HUNTINGDON, Pa. -- The Juniata College Security Services Department has been granted authority as a private police department by Judge Stewart Kurtz, Court of Common Pleas of Huntingdon County and will now be known as the Juniata College Police Department, according to Rocco Panosetti, director of the college's police department.

According to Panosetti, the recognition as a private police force under Pennsylvania Act 501 allows the college's police officers to exercise full police powers within their jurisdictional areas (which includes off-site areas such as the Baxter Building, the Juniata College Center for Entrepreneurial Leadership, the Peace Chapel Nature preserve, and the Raystown Field Station.

"This new designation will improve our service to the campus community and it gives us better tools to serve the surrounding community as well," Panosetti says.

The designation as a police department means that Juniata's police force, which is comprised of seven full-time officers and two part-time officers, will be required to undergo full training at one of the many police academies across the state. Currently, the Juniata department has two officers who have completed police academy training. The remaining officers will complete the training as scheduling permits.

"We will still call upon the Huntingdon Borough Police Department to investigate crimes on campus and assist us in investigating crimes," Panosetti explains. We also will continue to report our campus crime statistics to the borough police, state police and the F.B.I., as we have done in the past."

The re-designation as a police department allows Juniata's police force to apply for various state and federal grants. In addition, the designation also allows police officers working for the college to participate in professional development training such as terrorism measures, municipal policing, criminal investigation and other training.

"Improved training is really a plus for our students who rely on us for police services," Panosetti says. "It really allows us to provide better police services to a campus and a community that deserves our best service."

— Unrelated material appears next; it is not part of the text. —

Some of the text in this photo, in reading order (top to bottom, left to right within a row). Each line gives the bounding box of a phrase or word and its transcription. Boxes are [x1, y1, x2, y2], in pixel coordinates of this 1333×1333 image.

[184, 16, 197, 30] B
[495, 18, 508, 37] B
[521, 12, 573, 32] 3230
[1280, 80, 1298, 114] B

Panosetti emphasized that the Juniata police department will still work closely with Huntingdon Borough Police to enforce laws and regulations on campus. The Juniata police officers also will have police powers to enforce laws on property adjacent or near Juniata property. "We could not have accomplished this without the cooperation of the Huntingdon borough police," he says.

Panosetti says the borough police will continue to enforce parking regulations on borough streets and Juniata police will enforce parking regulations on campus, but both police entities will be able to enforce moving traffic violations.

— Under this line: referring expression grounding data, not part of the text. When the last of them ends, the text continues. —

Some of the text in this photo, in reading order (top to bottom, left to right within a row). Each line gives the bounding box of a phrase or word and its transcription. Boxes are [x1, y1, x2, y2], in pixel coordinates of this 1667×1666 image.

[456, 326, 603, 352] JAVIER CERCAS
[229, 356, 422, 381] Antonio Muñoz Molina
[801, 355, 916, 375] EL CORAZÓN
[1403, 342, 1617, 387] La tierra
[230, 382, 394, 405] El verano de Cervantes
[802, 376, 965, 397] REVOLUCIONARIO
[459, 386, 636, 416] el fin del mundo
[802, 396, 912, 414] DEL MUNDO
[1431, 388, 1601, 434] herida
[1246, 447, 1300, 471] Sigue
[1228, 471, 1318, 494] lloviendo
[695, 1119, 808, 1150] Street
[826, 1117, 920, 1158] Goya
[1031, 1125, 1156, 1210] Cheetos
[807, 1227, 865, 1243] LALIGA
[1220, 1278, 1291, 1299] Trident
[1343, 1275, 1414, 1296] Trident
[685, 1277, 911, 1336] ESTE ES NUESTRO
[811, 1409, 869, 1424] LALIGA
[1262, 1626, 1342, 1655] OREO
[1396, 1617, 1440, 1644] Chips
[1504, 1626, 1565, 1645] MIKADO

The Juniata police officers also will have a clearly marked, fully equipped patrol vehicle, a Ford Explorer. Typically on a Juniata security shift there is one mobile patrol and a patrolman on foot. The campus also has several bicycle patrol officers.

Reclassification as a police department also allows the college's officers to access various databases containing sensitive information for law enforcement agencies. Such databases are available to all police departments to streamline investigations and information gathering.

"This will make our relationship to the borough and to the community that much stronger," Panosetti says.